Lawrence Nwimo, Awka
Labour Party presidential candidate in the 2023 general election, Peter Obi, has criticized the decision of the Monetary Policy Committee (MPC) of the Central Bank of Nigeria (CBN), to increase the Monetary Policy Rate (MPR) to 22.5% and the Cash Reserve Ratio, CRR, to 45%.
Obi said such move will exarcerbate the economic situation of most Nigerian households including industries and companies in the country.
Recall that MPC at the end of its meeting on Tuesday had increased the MPR by 400 basis points pegging the rate at 22.5% in a bid to curb the continuous surge of the country’s inflation rate.
However, while reacting to the development via his X (formerly Twitter) handle, Obi warned CBN against worsening the economic situation of most Nigerian households.
He wrote: “Let me confess that the label of being a vintage Onitsha-based trader does not in any way confer on me the status of an economic expert. With my vast trading knowledge and my involvement in the real sector.
“I am of the strong opinion that the recent decision of the Monetary Policy Committee to increase the Monetary Policy Rate, MPR, to 22.5% and the Cash Reserve Ratio, CRR, to 45% will further worsen the economic situation of most Nigerian households as it is bound to cause more job losses in the productive sector, especially manufacturing and other sectors that rely on bank loans and credit facilities for their funding needs.” the statement partly reads.
On the effect of the policy on the financial sector, Obi wrote, “Tightening liquidity in the financial system does not improve productivity, i.e food production, which is the major cause of inflation in Nigeria.

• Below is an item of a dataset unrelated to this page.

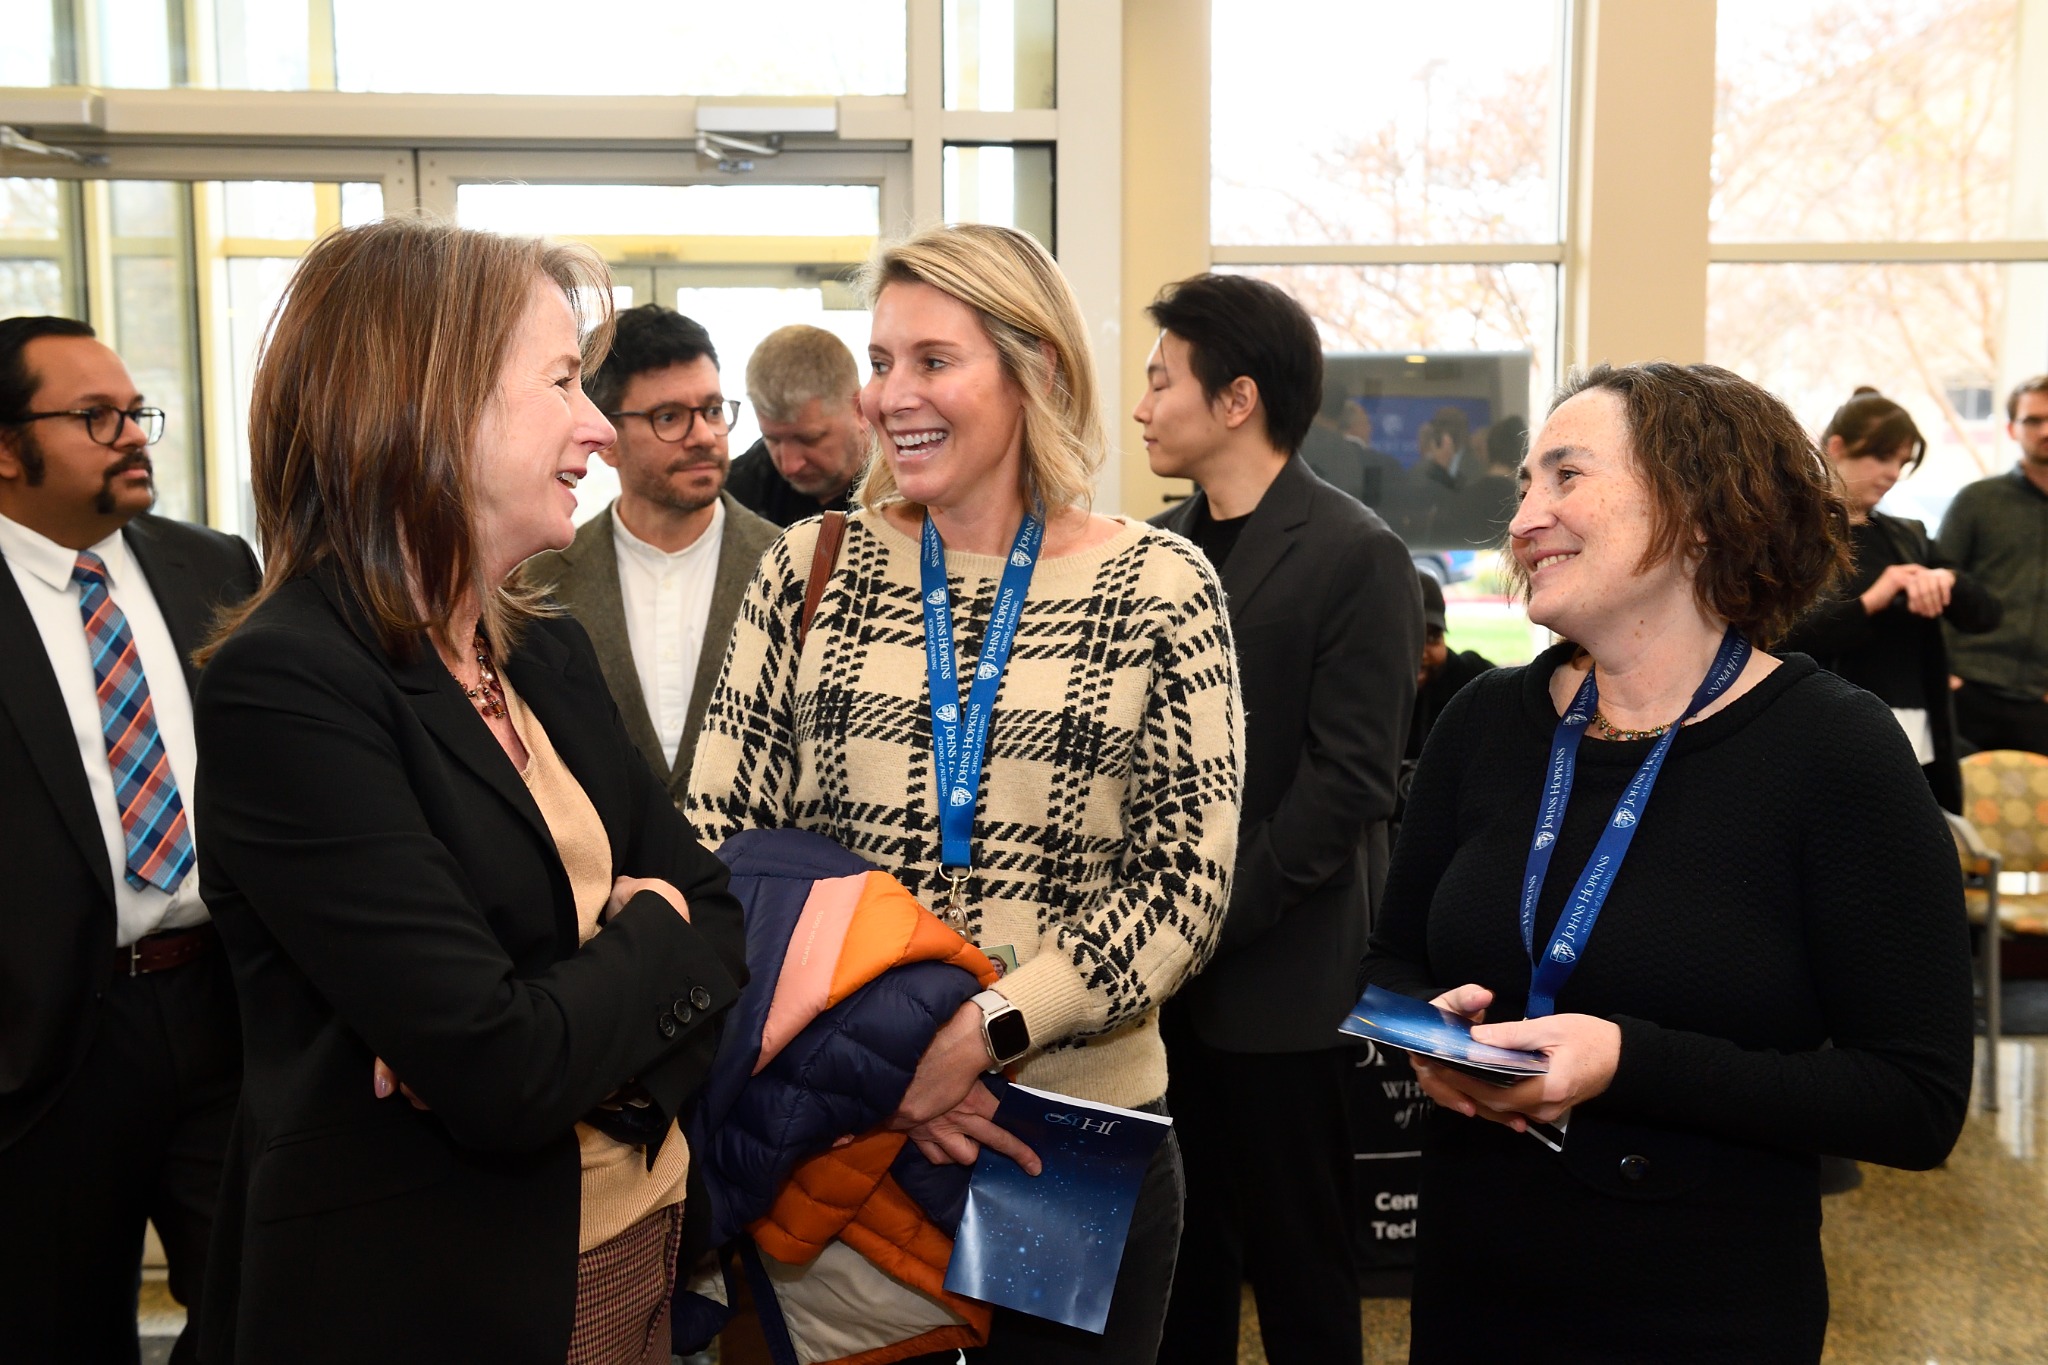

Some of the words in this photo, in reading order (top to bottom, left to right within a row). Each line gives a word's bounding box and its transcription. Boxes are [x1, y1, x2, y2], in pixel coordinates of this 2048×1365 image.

“Moreover, only about 12% of N3.6 trillion of the total money in circulation is in the banking system which means that 88%, about N3.2 trillion is outside the banking system.
“So, this measure would rather be counterproductive as it would not address the intended purpose of managing the money supply
“These new measures will worsen the fragile economy as the supply of funds would dry up for the real sector, and the new MPR rate hike will push the interest rate on loans to above 30%, which would be very difficult for the real sector operators especially manufacturers and SMEs to repay; resulting, obviously, in increased bad loans, and worsening the nation’s economic situation.”
“The most critical way to manage our high rate of inflation and decline in production is for the government to address the issue of insecurity in the country, which will allow for increased food, and q oil production, and an overall increase in production, which will make products, especially food, cheaper.
“This way we would increase our productivity as well as restore the confidence of FDIs and FPIs to come back to the country.
“I must caution that what the Nigerian economy needs now is hard headed practical originality and results. Tinkering with classical economic theories can only deepen our crisis.”